The answer must consist solely of the lines from the line with "this 1296×1728 image." to the final line of the data below, reproduced exactly, pictures omitted.
::: Records supplied :::
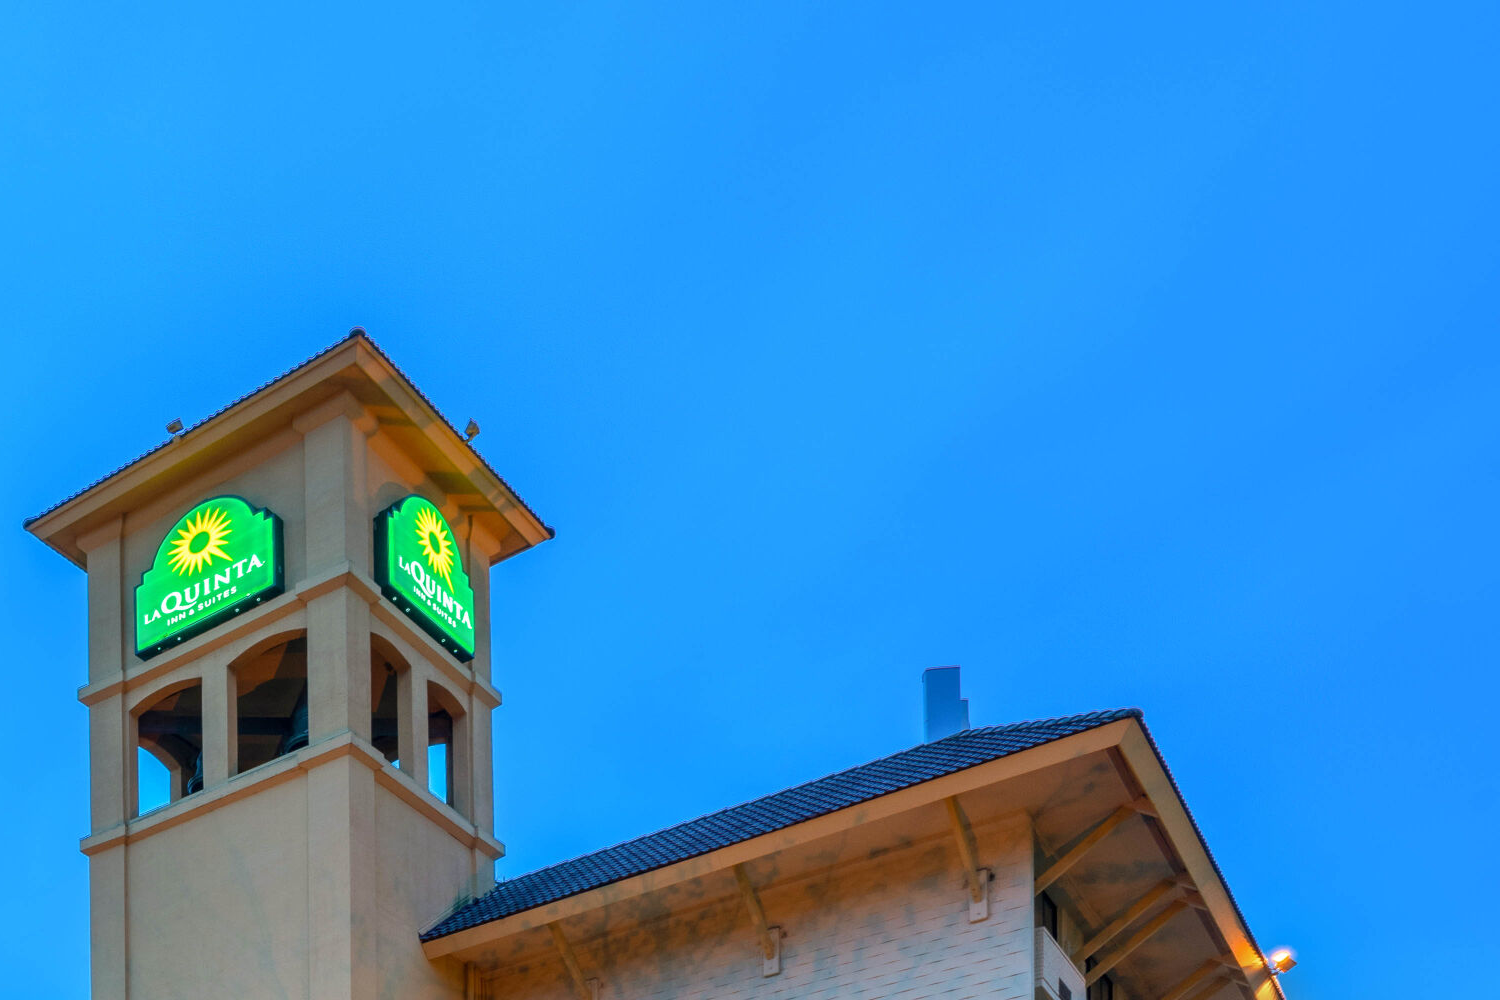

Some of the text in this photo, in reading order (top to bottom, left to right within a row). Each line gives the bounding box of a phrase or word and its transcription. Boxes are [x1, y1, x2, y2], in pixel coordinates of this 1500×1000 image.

[161, 554, 264, 614] QUINTA
[167, 611, 186, 626] INN
[197, 586, 237, 611] SUITES
[411, 561, 472, 629] QUINTA
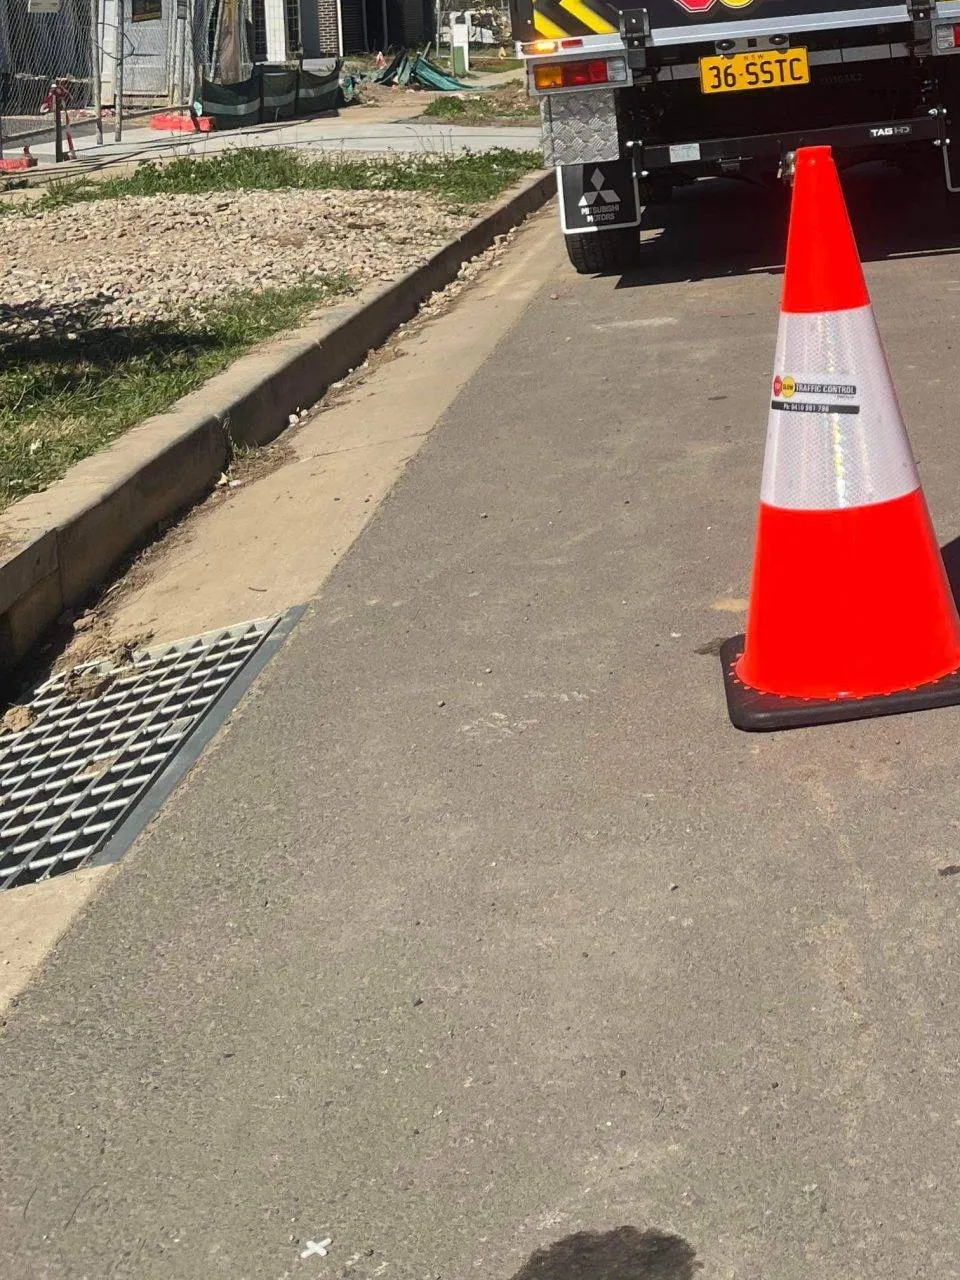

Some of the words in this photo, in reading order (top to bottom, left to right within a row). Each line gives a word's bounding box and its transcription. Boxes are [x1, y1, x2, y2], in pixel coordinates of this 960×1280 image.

[870, 127, 893, 137] TAG
[581, 204, 620, 215] MITSUBISHI
[586, 213, 615, 223] MOTORS
[796, 383, 822, 393] TRAFFIC
[823, 384, 855, 394] CONTROL
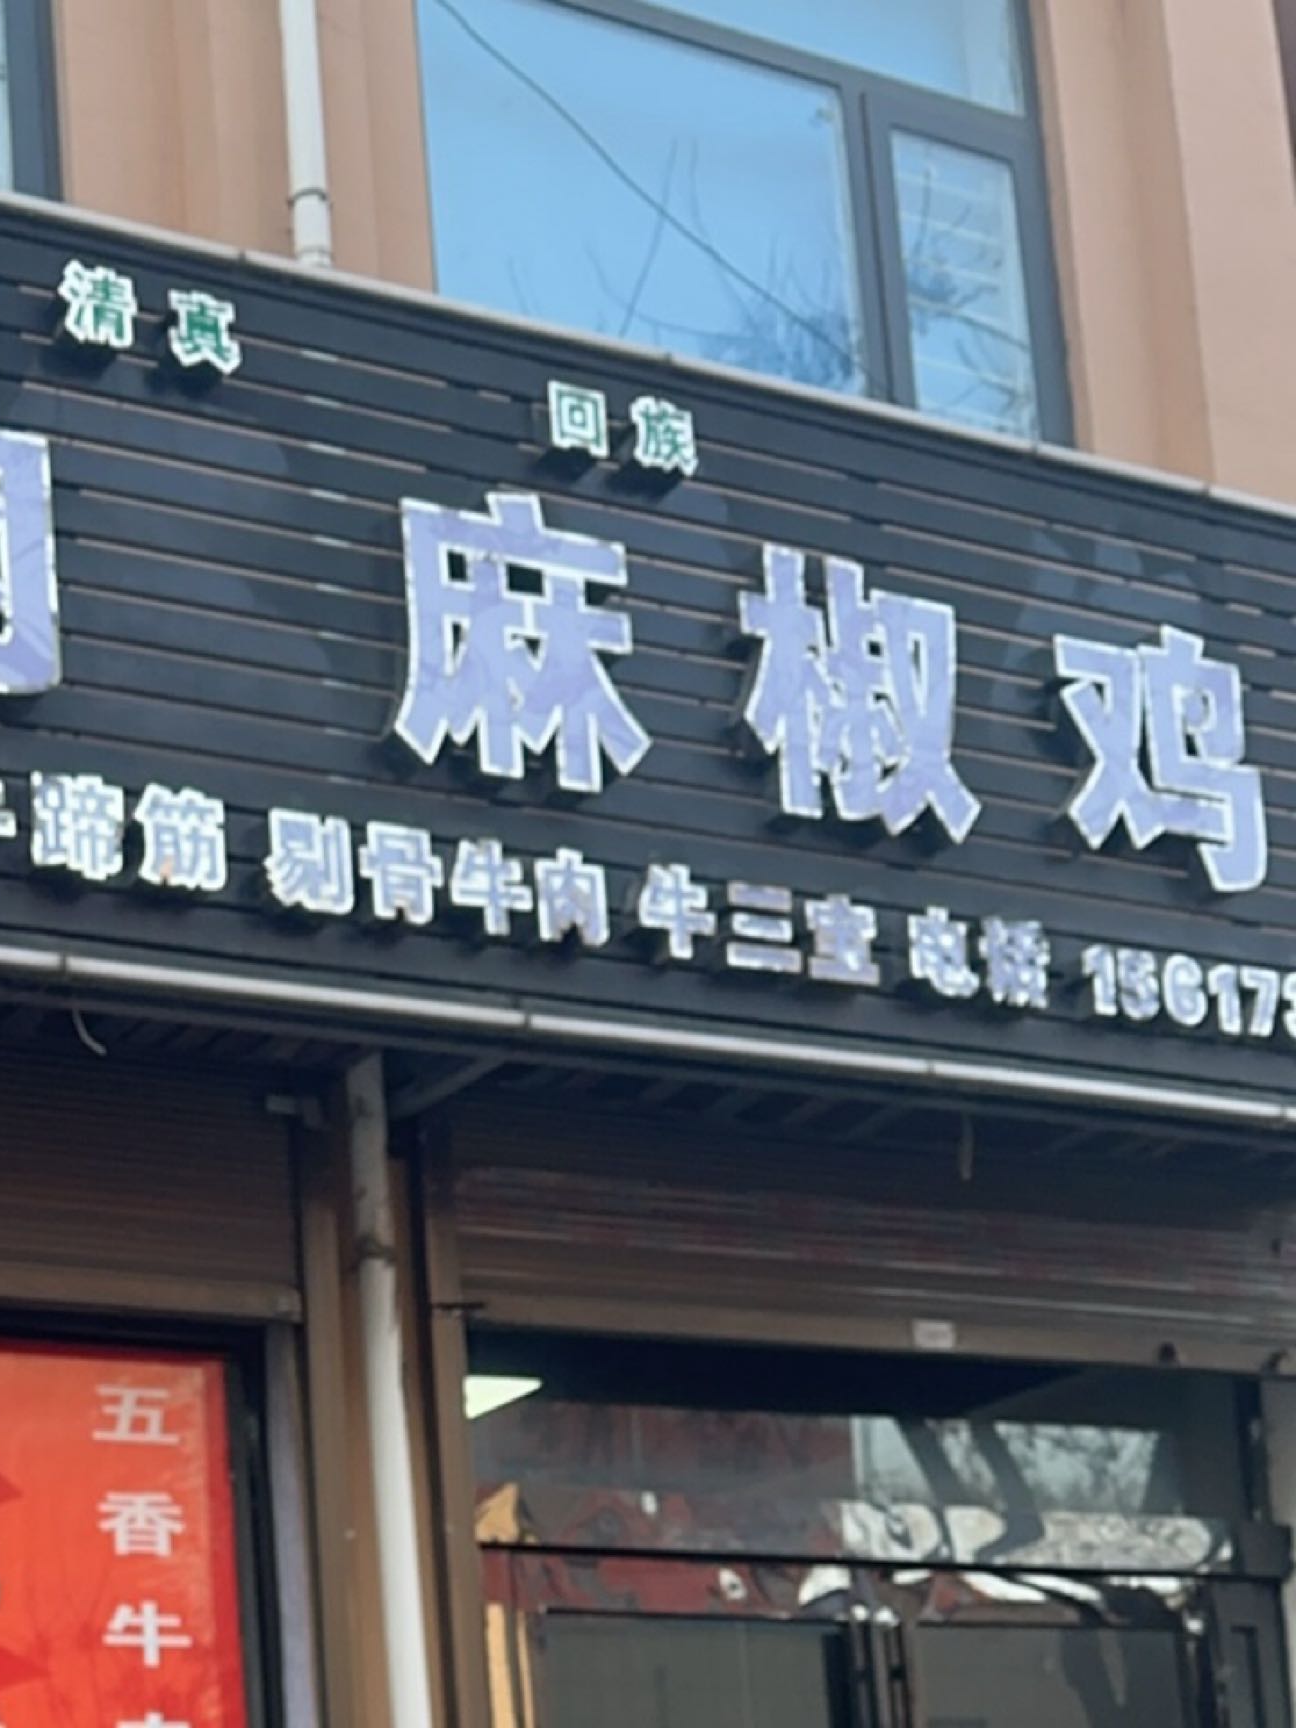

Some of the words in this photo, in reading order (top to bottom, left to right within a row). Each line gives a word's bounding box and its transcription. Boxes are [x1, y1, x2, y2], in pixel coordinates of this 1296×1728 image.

[59, 258, 241, 374] 清真
[547, 380, 698, 477] 回族
[394, 491, 1269, 894] 麻椒鸡
[263, 807, 610, 948] 剔骨牛肉
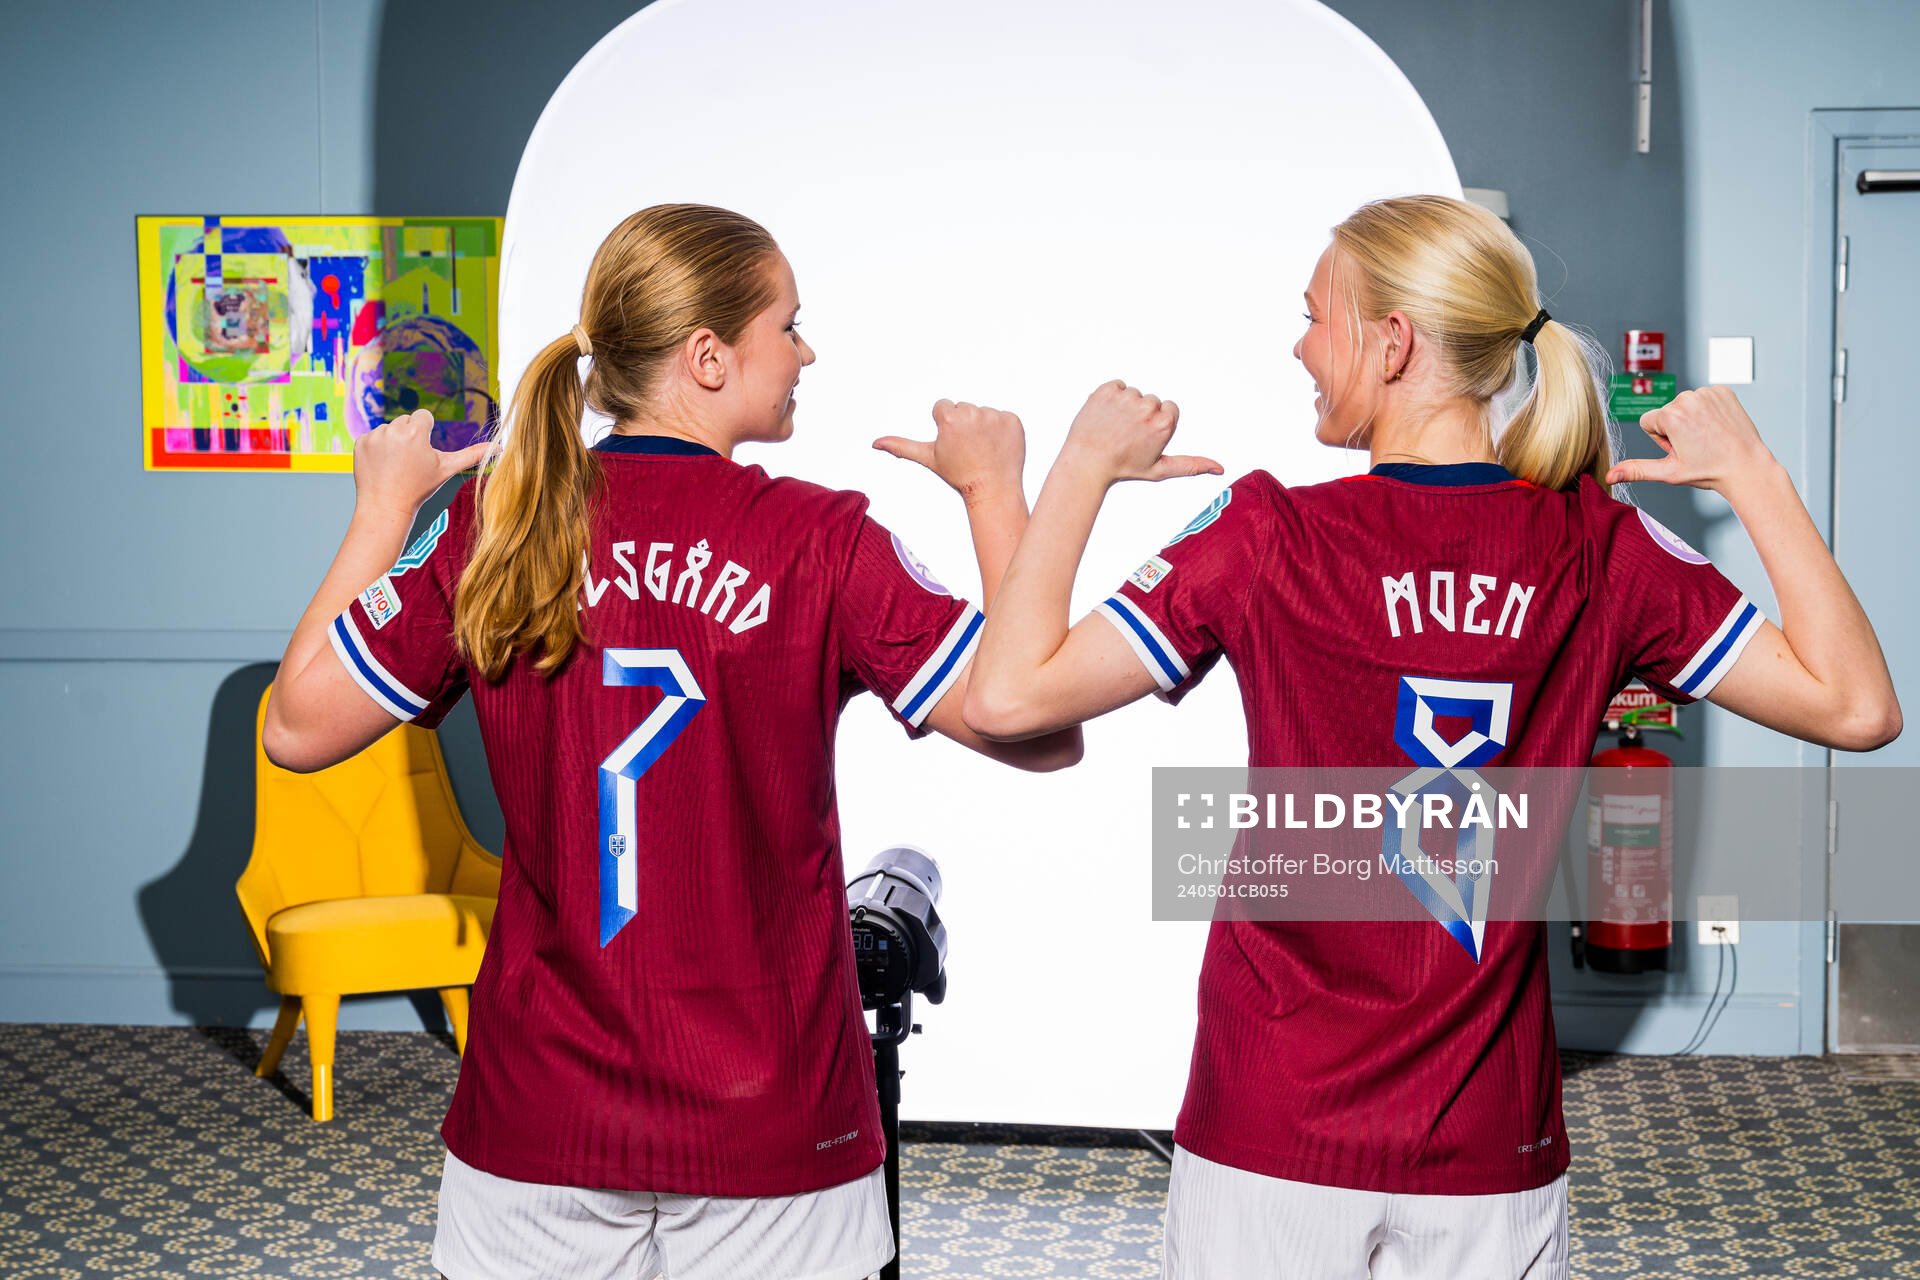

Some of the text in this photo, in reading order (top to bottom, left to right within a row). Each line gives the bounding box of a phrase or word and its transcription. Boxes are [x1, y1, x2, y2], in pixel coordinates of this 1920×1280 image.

[577, 539, 771, 634] LSGÅRD
[1381, 571, 1536, 639] MOEN
[598, 648, 707, 949] 7
[1381, 674, 1515, 965] 8
:::
Solved exercise:
Some of the words in this photo, in reading order (top to bottom, left to right within a row). Each line gives a word's bounding box and its transcription. Boxes are [x1, y1, x2, y2], in pixel coordinates of this 1296×1728 image.

[59, 258, 241, 374] 清真
[547, 380, 698, 477] 回族
[394, 491, 1269, 894] 麻椒鸡
[263, 807, 610, 948] 剔骨牛肉

Some of the text in this photo, in reading order (top to bottom, left to right within a row). Each line gives the bounding box of a phrase or word and its transcription. Boxes are [x1, y1, x2, y2], in pixel coordinates of this 1920×1280 image.

[577, 539, 771, 634] LSGÅRD
[1381, 571, 1536, 639] MOEN
[598, 648, 707, 949] 7
[1381, 674, 1515, 965] 8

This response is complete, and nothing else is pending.